» EXERCISE INSTRUCTIONS: The expected result is a word-for-word copy of the entries, minus any pictures.

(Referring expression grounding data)
════════════════════

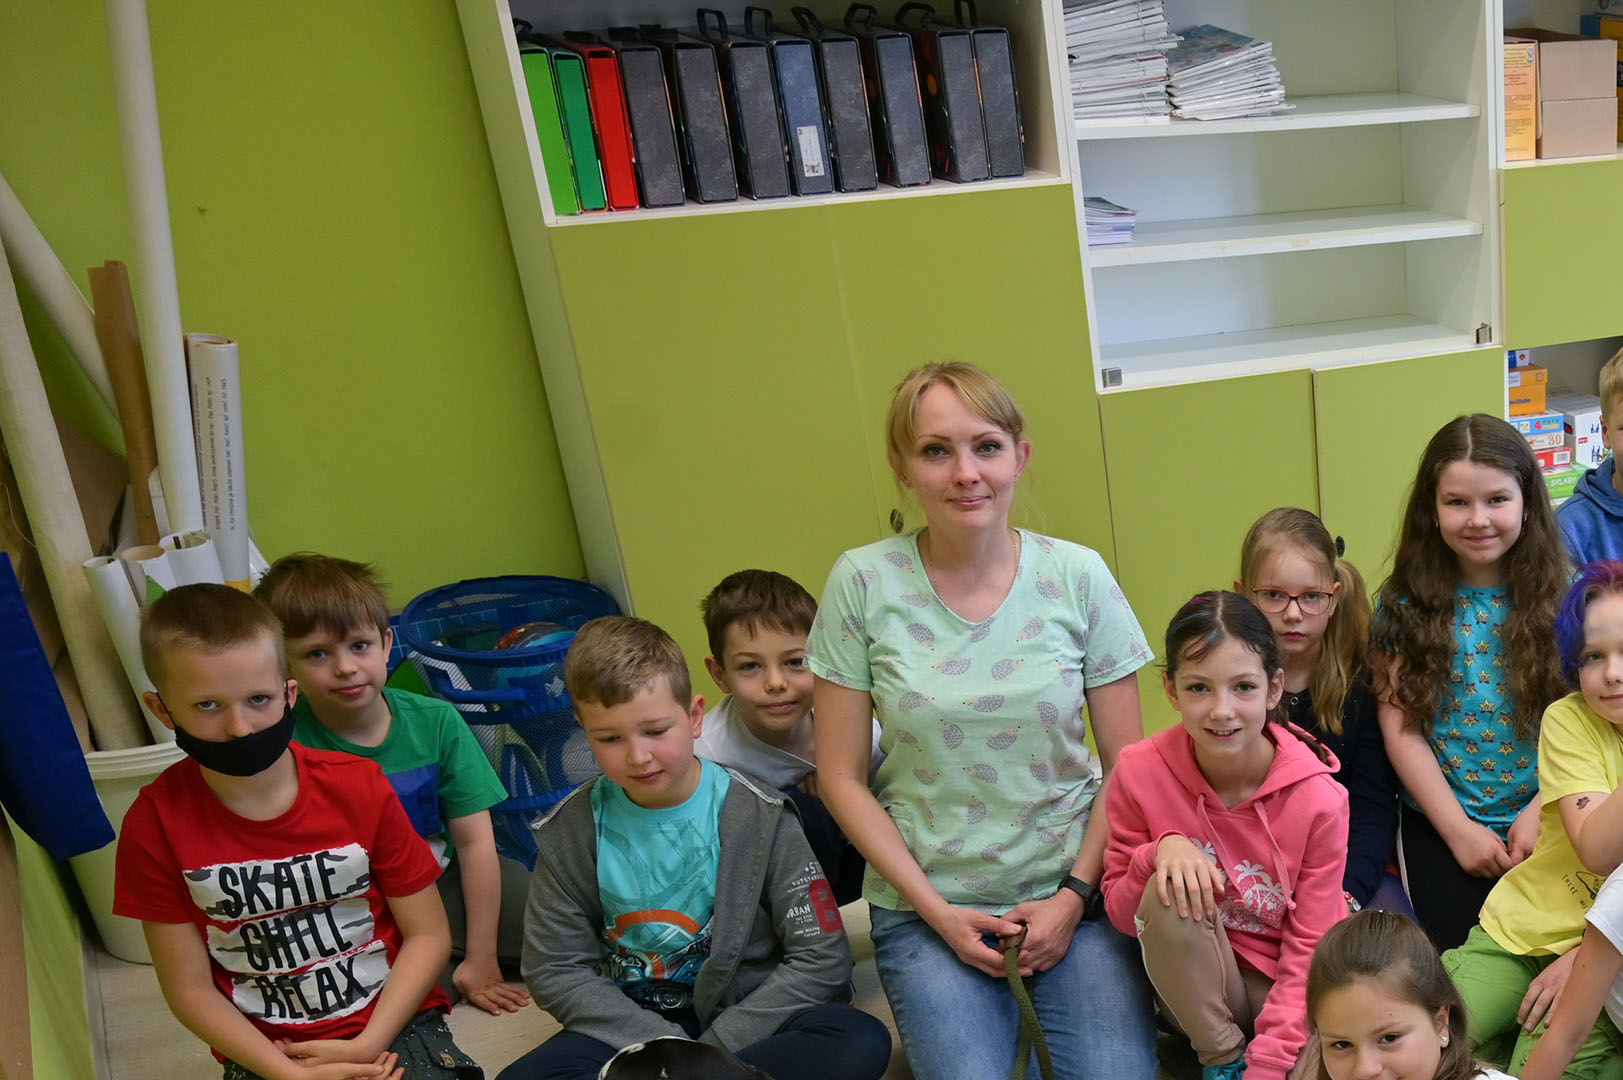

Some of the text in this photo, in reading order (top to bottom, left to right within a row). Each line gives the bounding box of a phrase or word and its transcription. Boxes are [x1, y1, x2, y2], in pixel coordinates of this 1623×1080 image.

[1548, 434, 1562, 446] 30
[1551, 476, 1577, 488] SYLABY
[218, 851, 342, 919] SKATE
[240, 904, 353, 972] CHILL
[254, 955, 369, 1019] RELAX

════════════════════

» ANSWER SECTION:
Some of the text in this photo, in reading order (top to bottom, left to right within a row). Each line gives the bounding box of a phrase or word and its transcription. Boxes are [x1, y1, x2, y2], in pixel coordinates of this 1623×1080 image.

[1548, 434, 1562, 446] 30
[1551, 476, 1577, 488] SYLABY
[218, 851, 342, 919] SKATE
[240, 904, 353, 972] CHILL
[254, 955, 369, 1019] RELAX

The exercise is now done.